Ryan Squire:    I mean, [laughs] so to say that these things are going to go away is silly.

Scott Nelson:    Mm-hmm.

Ryan Squire:    Is everybody going to understand the power and what it can do? No. But it is really important to find an advocate, to find somebody who does understand it, and either make them a part of your organization or partner with them from an agency-type perspective and start to learn more about what it might be able to do for your specific goals. I just think that that saying, “It isn’t for me,” is turning yourself off to business. And in fact, Erik Qualman, who’s the guy—a lot of people have seen the video with all the stats around social media.

Scott Nelson:    Mm-hmm.

Ryan Squire:    It’s called Socialnomics, is a book that he wrote. And then, if you search Socialnomics online, you’ll find a video with [00:44:15] updates all the time, with stats about people that use this stuff. I mean, 550 million people on Facebook aren’t going to just stop using Facebook tomorrow, okay?

Scott Nelson:    Mm-hmm.

Ryan Squire:    And so Erik Qualman is quoted as saying, “It’s the price of doing business.

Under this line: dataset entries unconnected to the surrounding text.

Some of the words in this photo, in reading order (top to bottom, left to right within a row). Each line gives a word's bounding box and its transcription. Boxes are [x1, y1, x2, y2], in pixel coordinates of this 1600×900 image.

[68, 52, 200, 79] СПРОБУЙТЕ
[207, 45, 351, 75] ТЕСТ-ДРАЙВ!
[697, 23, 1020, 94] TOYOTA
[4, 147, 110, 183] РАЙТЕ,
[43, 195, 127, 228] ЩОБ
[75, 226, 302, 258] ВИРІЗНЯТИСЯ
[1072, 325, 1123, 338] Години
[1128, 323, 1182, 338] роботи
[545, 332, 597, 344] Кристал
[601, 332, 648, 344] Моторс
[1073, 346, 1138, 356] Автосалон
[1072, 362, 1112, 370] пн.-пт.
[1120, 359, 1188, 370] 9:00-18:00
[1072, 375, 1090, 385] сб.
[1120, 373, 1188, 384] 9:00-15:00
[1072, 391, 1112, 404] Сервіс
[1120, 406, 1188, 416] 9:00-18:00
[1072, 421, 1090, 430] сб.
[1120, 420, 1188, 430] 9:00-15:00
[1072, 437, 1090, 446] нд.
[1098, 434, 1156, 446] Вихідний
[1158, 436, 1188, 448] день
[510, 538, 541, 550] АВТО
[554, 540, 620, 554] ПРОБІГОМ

In five years, businesses who aren’t using this might not be doing business anymore.”

Scott Nelson:    Sure.

Ryan Squire:    I mean, I think that’s maybe taken a little bit too far a step…

Scott Nelson:    Mm-hmm.

Ryan Squire:    …but maybe in 10 years…

Scott Nelson:    Right.

Ryan Squire:    …certainly, if you expect to be doing a business in a space—look, if I’m listening to my customers and engaging them in the process and making them feel emotionally connected to medicine and to what’s happening to them, when they start telling people about them, start telling their friends, and more and more as that becomes the way we do business, they’re going to start to pick us over everybody else. That’s just human nature.

Scott Nelson:    Mm-hmm.

Ryan Squire:    They’re going to go to the place to expect every one of us to get them healthy. Right now, what they don’t necessarily expect is that incredible emotional connection to it and that we make them feel great in the meantime. And so if we can do that, we can create an experience. And the first companies to do that in the market are going to have a leg up, but eventually if you want to be doing business, you’re not going to be able to ignore that and the fact that your competitors are doing it.

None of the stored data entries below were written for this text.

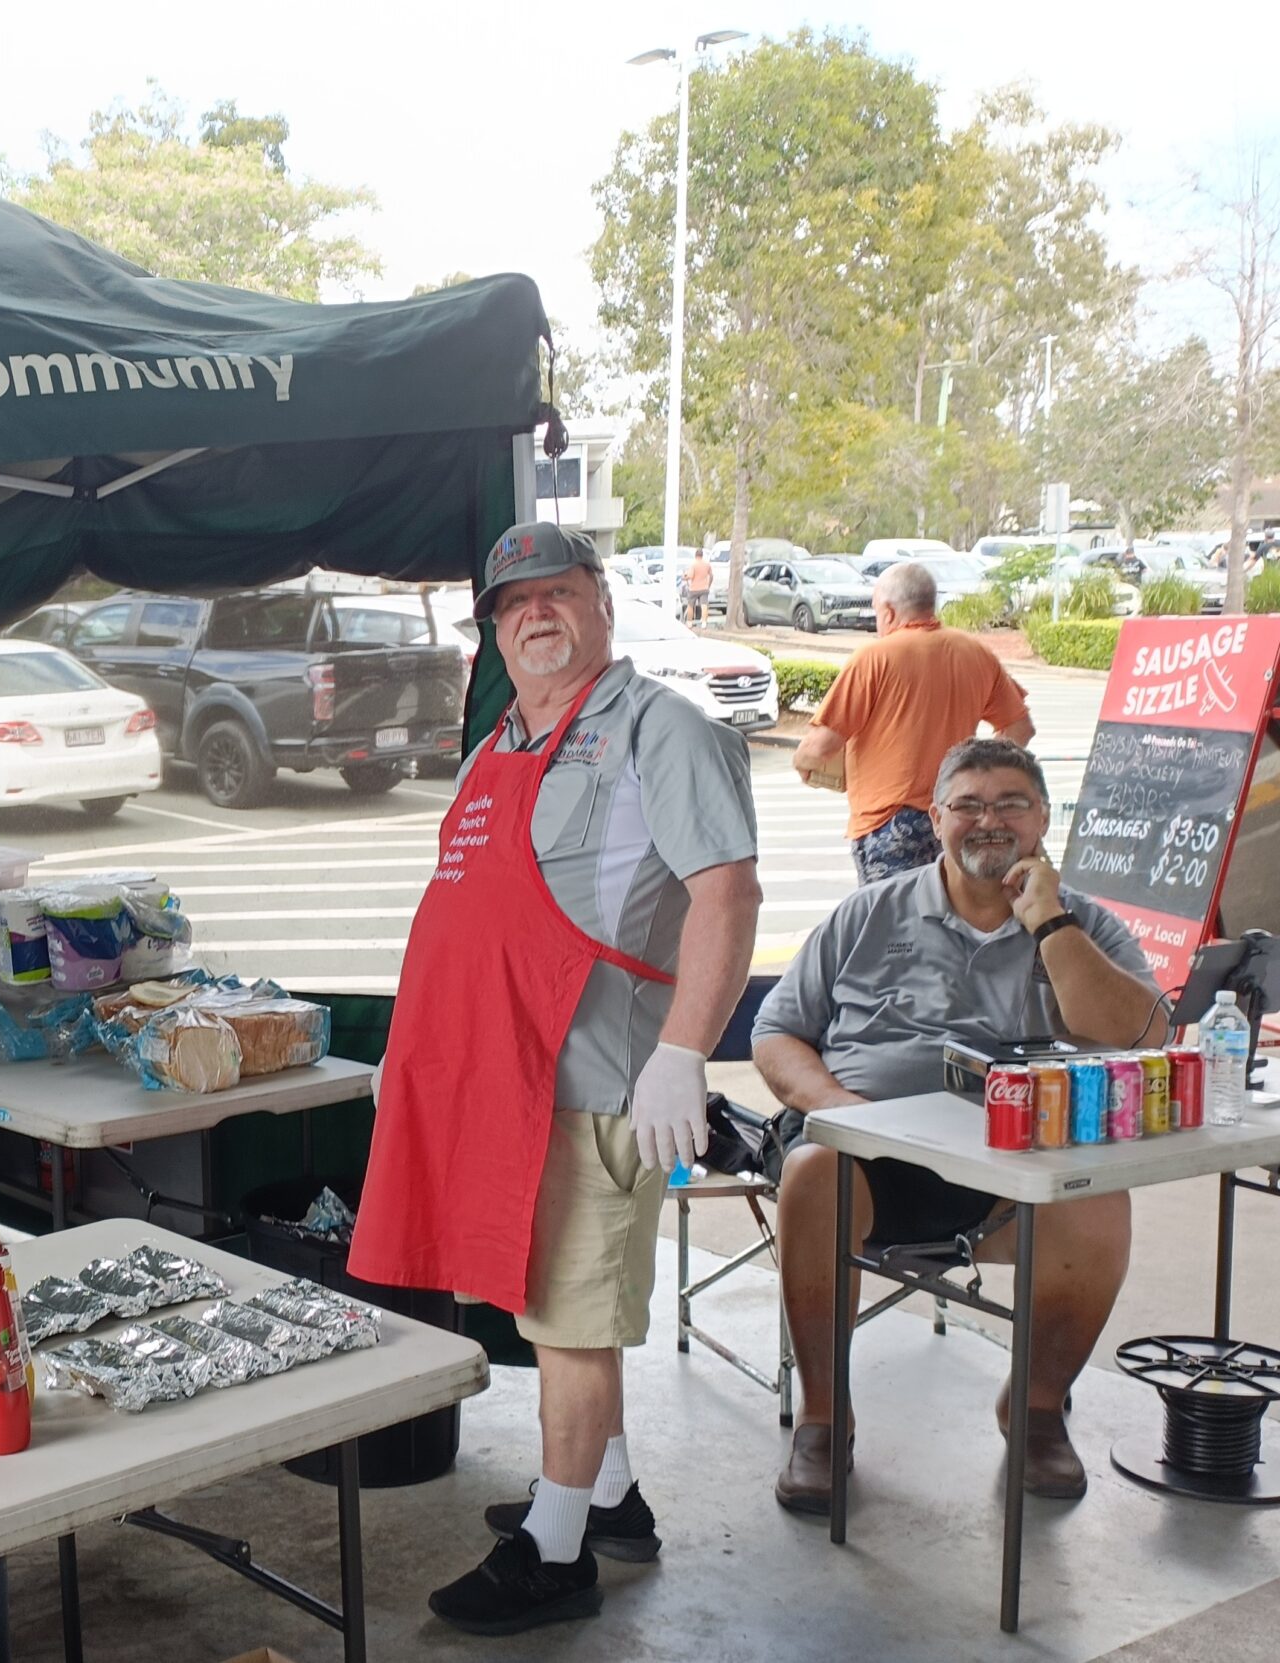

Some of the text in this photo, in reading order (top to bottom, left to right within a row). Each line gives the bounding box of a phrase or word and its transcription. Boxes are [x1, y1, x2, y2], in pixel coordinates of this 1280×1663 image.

[1132, 622, 1249, 677] SAUSAGE
[1122, 674, 1200, 717] SIZZLE
[1132, 918, 1153, 938] For
[1154, 923, 1187, 948] Local
[1143, 950, 1170, 971] ups

Scott Nelson:    Sure. Yeah. Okay. Very cool. Ryan, I can’t thank you enough for coming on to the call. It’s really been fascinating to kind of pick your brain and understand a little bit more about what you’re doing, and especially as it pertains to kind of this recent live tweeting and Ustream surgery that you coordinated. So thanks again. The folks that are listening, where can they go and follow you or connect with you online?

Ryan Squire:    So I’m on Twitter. I’m OSUSquire.

Scott Nelson:    Okay.

Ryan Squire:    It’s O-S-U-S-Q-U-I-R-E. They can also find me on Facebook.com/OSUSquire.

Scott Nelson:    Okay.

Ryan Squire:    And those are the best ways to get a hold of me.

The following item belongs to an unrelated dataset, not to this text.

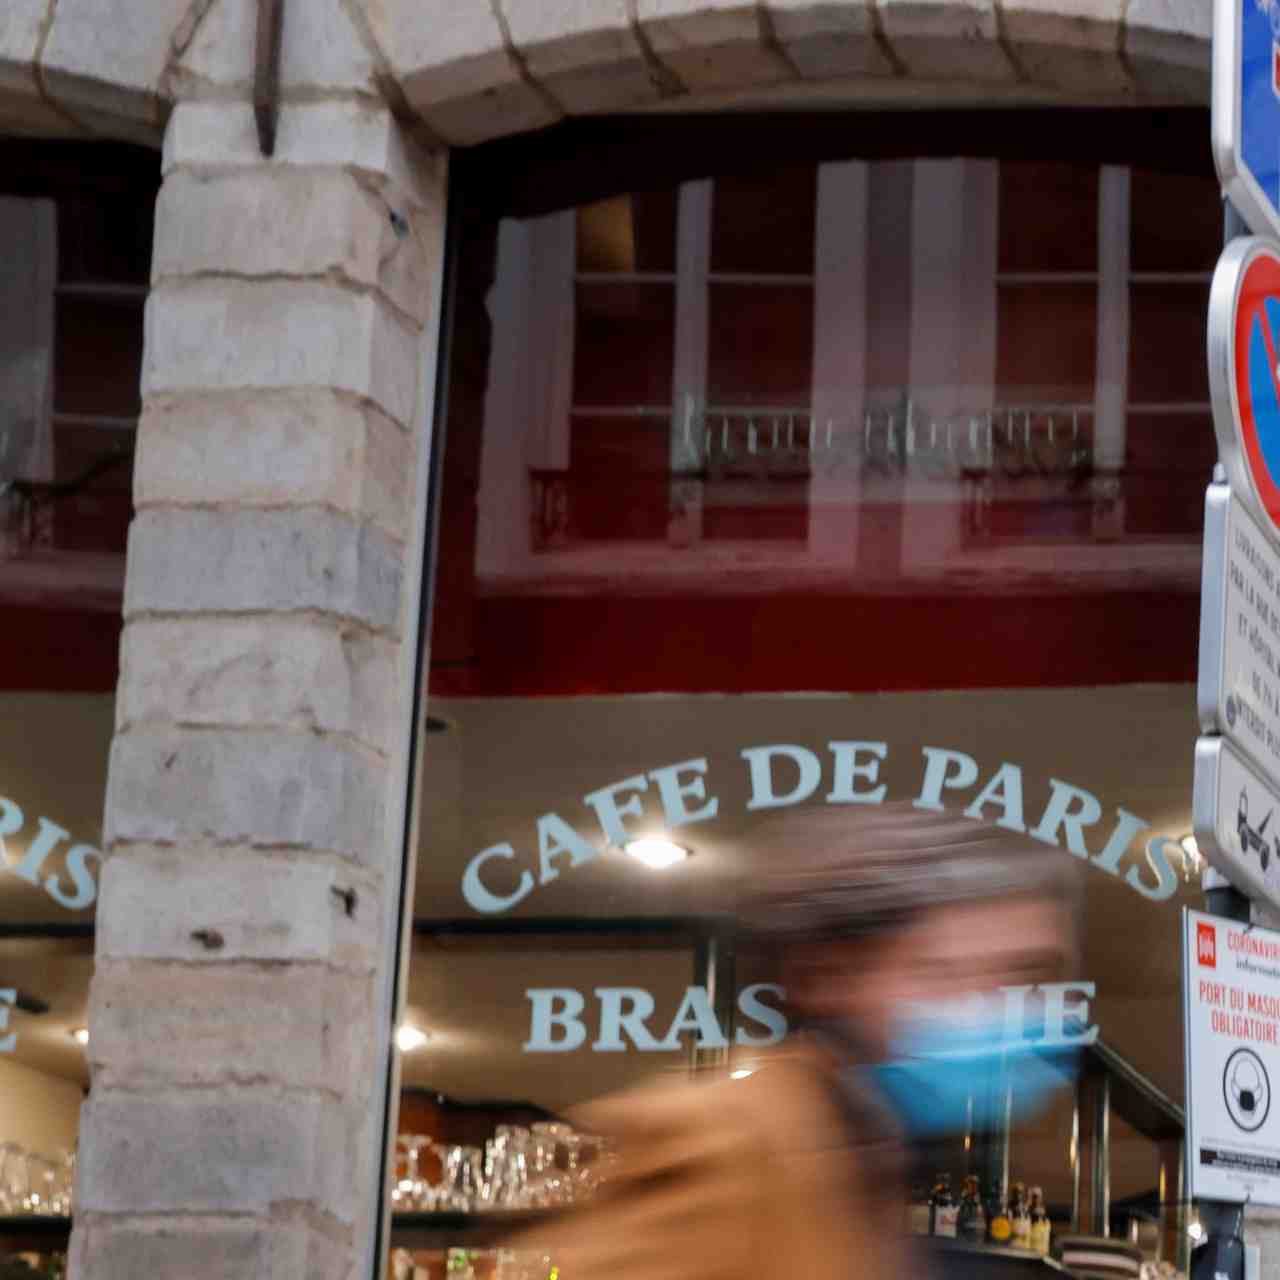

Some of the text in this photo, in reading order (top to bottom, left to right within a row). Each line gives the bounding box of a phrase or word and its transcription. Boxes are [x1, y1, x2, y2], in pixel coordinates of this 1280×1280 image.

Scott Nelson:    Okay. Repeat those again. Facebook.com/OSUSquire?

Ryan Squire:    Right, and then Twitter.com/OSUSquire.

Scott Nelson:    OSUSquire, okay. Very good. Ryan, thanks again for coming on.

Ryan Squire:    No problem.

Scott Nelson:    This has really been a fascinating interview. I really appreciate it. I have followed Ryan on Twitter and become a fan on Facebook, so I encourage everyone to connect and check out Ryan online. So thanks again, Ryan. I really appreciate it.

Ryan Squire:    No problem. Thank you, Scott.

Scott Nelson:    Alright. Thanks everyone for listening.